### WHAT NEEDS TO BE DONE
Using the records below, copy out exactly the line that contains "this 1080×1848 image." and every line that follows it, up to and including the last, and no others.

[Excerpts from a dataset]
--- START ---
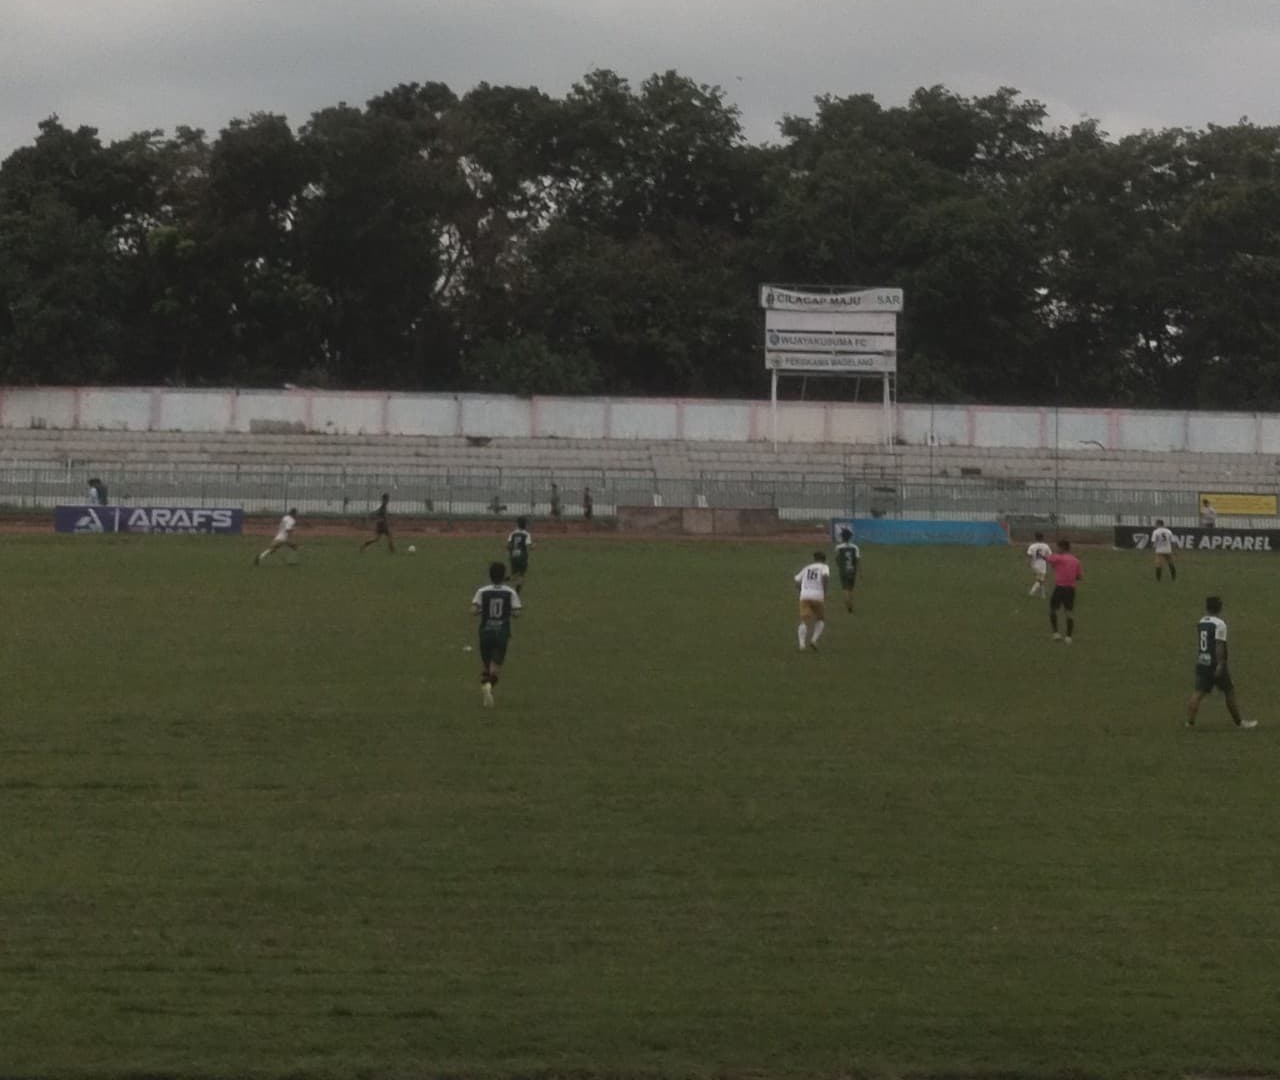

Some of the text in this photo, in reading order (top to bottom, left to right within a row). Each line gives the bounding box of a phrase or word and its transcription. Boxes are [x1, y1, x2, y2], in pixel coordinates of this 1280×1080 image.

[829, 296, 861, 306] MAJU
[855, 339, 867, 347] FC
[128, 508, 232, 528] ARAFS
[1199, 534, 1272, 550] APPAREL
[488, 597, 503, 618] 10
[1200, 630, 1208, 651] 8
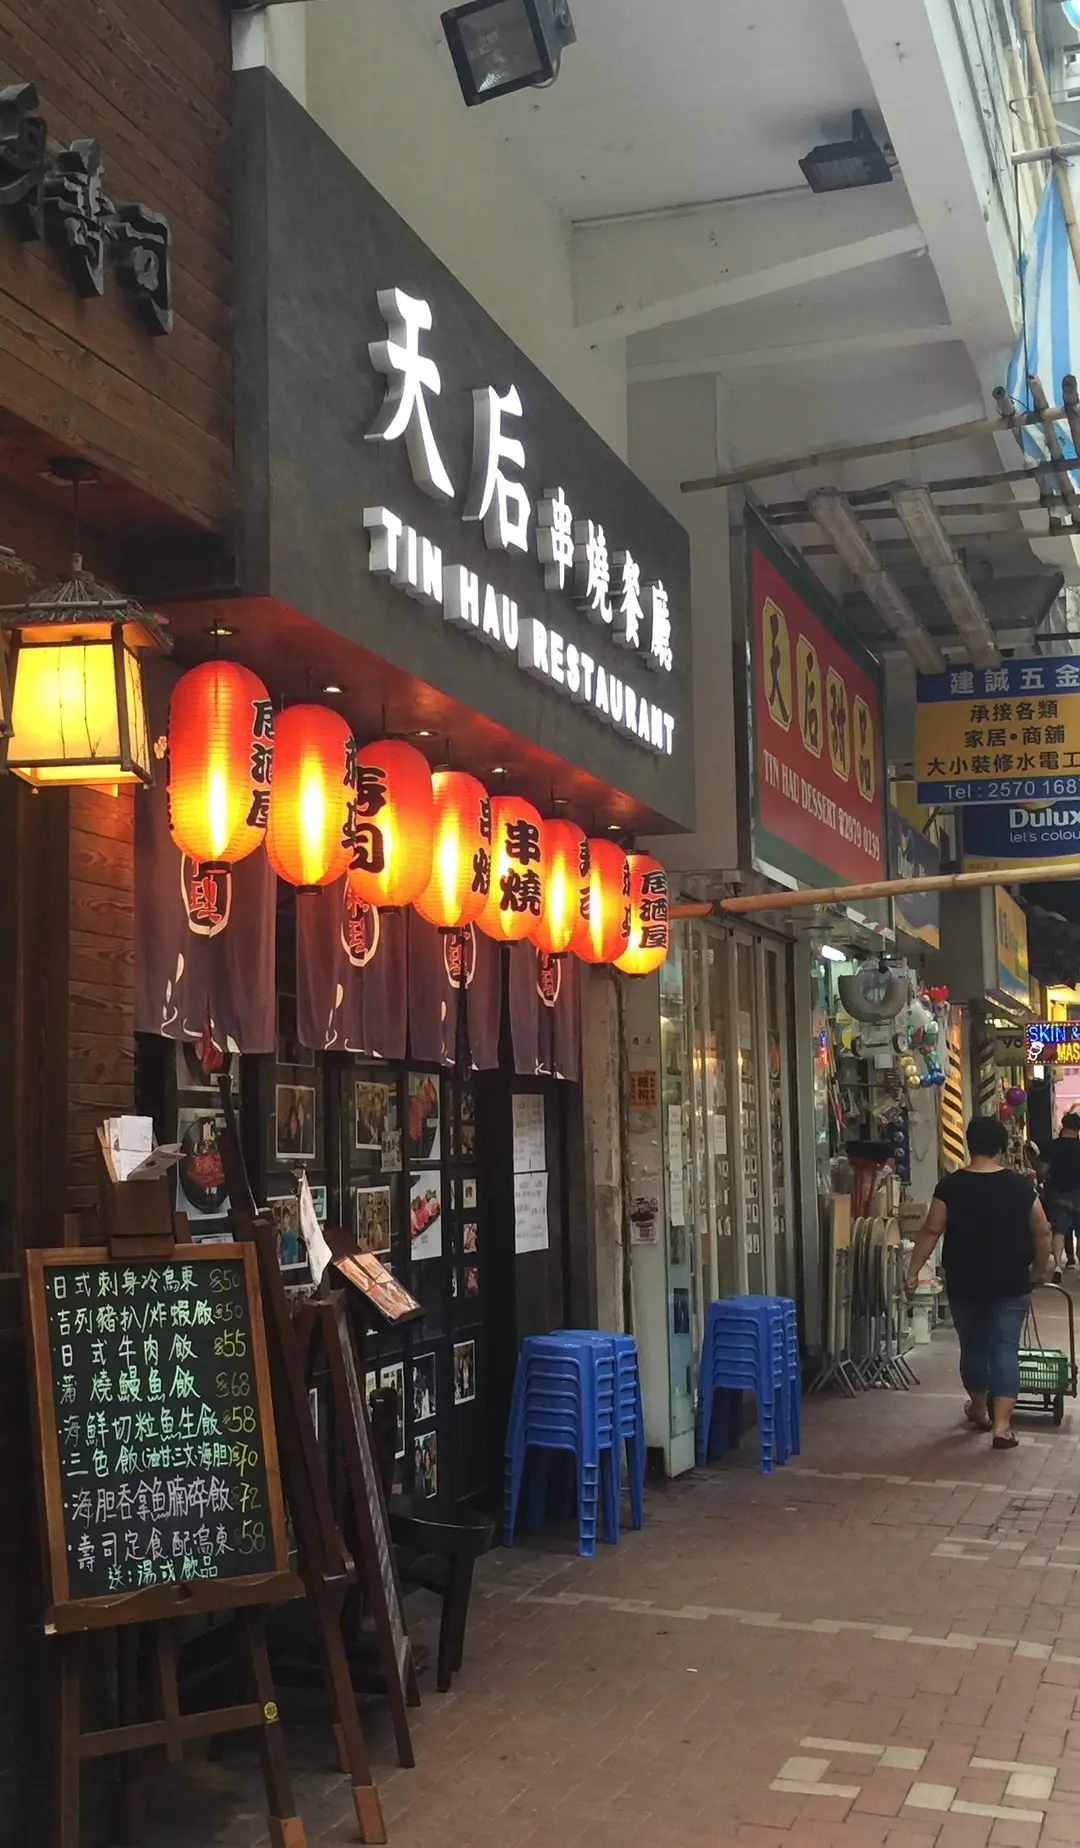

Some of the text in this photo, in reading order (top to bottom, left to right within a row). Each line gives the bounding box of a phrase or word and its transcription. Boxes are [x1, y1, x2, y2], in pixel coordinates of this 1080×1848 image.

[370, 507, 675, 756] TIN HAU RESTAURANT
[950, 664, 1080, 695] 建誠五金
[970, 700, 1058, 723] 承接各類
[926, 751, 1080, 776] 大小裝修水電工
[763, 748, 779, 790] TIN
[781, 762, 800, 804] HAU
[801, 778, 836, 830] DESSERT
[988, 781, 1035, 798] 2570
[1043, 779, 1080, 795] 168
[1009, 808, 1080, 829] Dulux
[1010, 831, 1037, 843] let's
[500, 820, 541, 917] 串燒
[640, 870, 668, 949] 居酒屋
[1029, 1024, 1066, 1042] SKIN
[62, 1333, 198, 1367] 日式牛肉飯
--- END ---
### EXERCISE RESPONSE
Some of the text in this photo, in reading order (top to bottom, left to right within a row). Each line gives the bounding box of a phrase or word and its transcription. Boxes are [x1, y1, x2, y2], in pixel coordinates of this 1080×1848 image.

[370, 507, 675, 756] TIN HAU RESTAURANT
[950, 664, 1080, 695] 建誠五金
[970, 700, 1058, 723] 承接各類
[926, 751, 1080, 776] 大小裝修水電工
[763, 748, 779, 790] TIN
[781, 762, 800, 804] HAU
[801, 778, 836, 830] DESSERT
[988, 781, 1035, 798] 2570
[1043, 779, 1080, 795] 168
[1009, 808, 1080, 829] Dulux
[1010, 831, 1037, 843] let's
[500, 820, 541, 917] 串燒
[640, 870, 668, 949] 居酒屋
[1029, 1024, 1066, 1042] SKIN
[62, 1333, 198, 1367] 日式牛肉飯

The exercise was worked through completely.